It takes a bit of direct research, and don't trust summaries from non-specialists such as myself. I am not a lawyer, not giving legal advice, and not affiliated with RStudio. I am not claiming this reply is an answer. I am just trying to point out the topics I think one would need to research to answer your question. Or at least things to look for in answers.
To orient the bit. I would suggest researching all of the systems and licenses separately. In particular R
, RStudio
, Shiny
, and tidyverse
each may or may not bring in different license issues.
R
itself is licensed GPL2/3. So if one doesn't want GPL software then it doesn't matter what R packages you use as R
already brings in GPL2/3 rights and responsibilities.

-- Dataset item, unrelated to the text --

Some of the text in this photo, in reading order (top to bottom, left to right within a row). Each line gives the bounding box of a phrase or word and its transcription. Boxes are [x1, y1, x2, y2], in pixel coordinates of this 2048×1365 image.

The GPL2/3 license has conditions about what a GPL2/3 item can be distributed with. One of these stats that things that are distributed with, link to, or even built on APIs must themselves have a compatible license when distributed. The MIT license is considered compatible with GPL. So the tidyverse
likely isn't introducing many more obligations than just using R
, as the MIT license is considered fairly permissive. However it also isn't freeing parties from the GPL2/3 conditions.

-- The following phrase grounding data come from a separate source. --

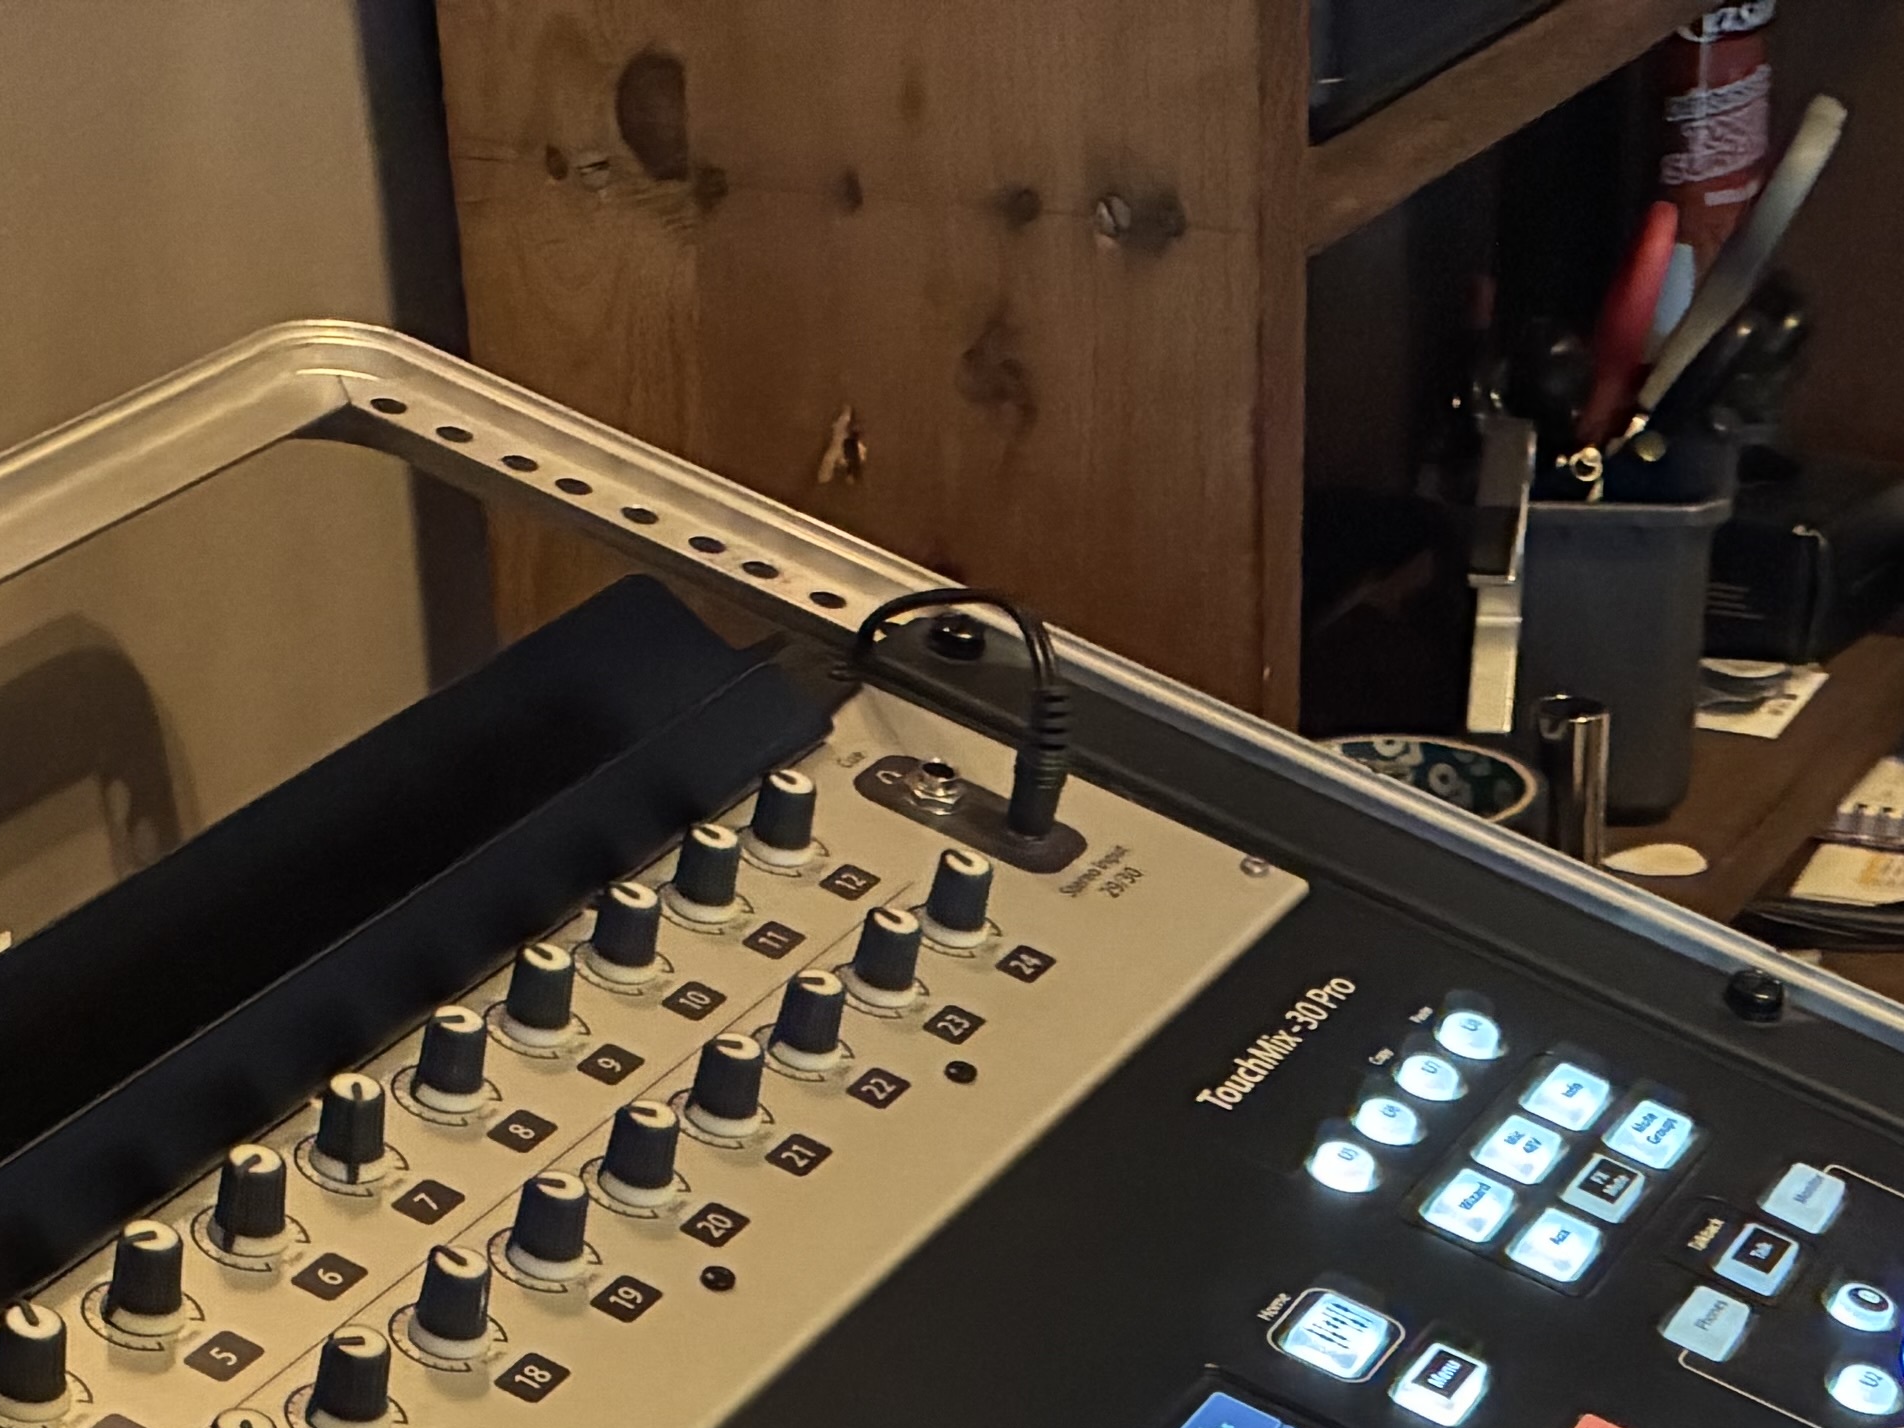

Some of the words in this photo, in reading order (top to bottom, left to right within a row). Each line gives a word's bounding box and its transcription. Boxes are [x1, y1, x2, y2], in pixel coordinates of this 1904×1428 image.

[835, 874, 867, 891] 12
[758, 931, 789, 950] 11
[1009, 954, 1044, 975] 24
[678, 990, 711, 1010] 10
[1314, 977, 1356, 1010] Pro
[937, 1015, 972, 1036] 23
[598, 1056, 622, 1072] 9
[861, 1077, 896, 1099] 22
[509, 1122, 536, 1139] 8
[781, 1144, 817, 1167] 21
[413, 1192, 439, 1210] 7
[698, 1213, 734, 1237] 20
[318, 1268, 343, 1285] 6
[609, 1286, 643, 1309] 19
[1257, 1292, 1291, 1321] Home
[1696, 1300, 1729, 1331] Phones
[209, 1346, 238, 1365] 5
[514, 1365, 551, 1389] 18
[1427, 1359, 1463, 1388] Menu

The open-source distributions of RStudio
and Shiny
are under an AGPL v3 license. This license is significant in that it grants rights to downstream users even without code distribution. Roughly: using the code grants the same rights to the user as distributing the code would, including a right to the source code under an AGPL v3 compatible license. This license is very different than the GPL2/3 or MIT licenses, so requires its own study.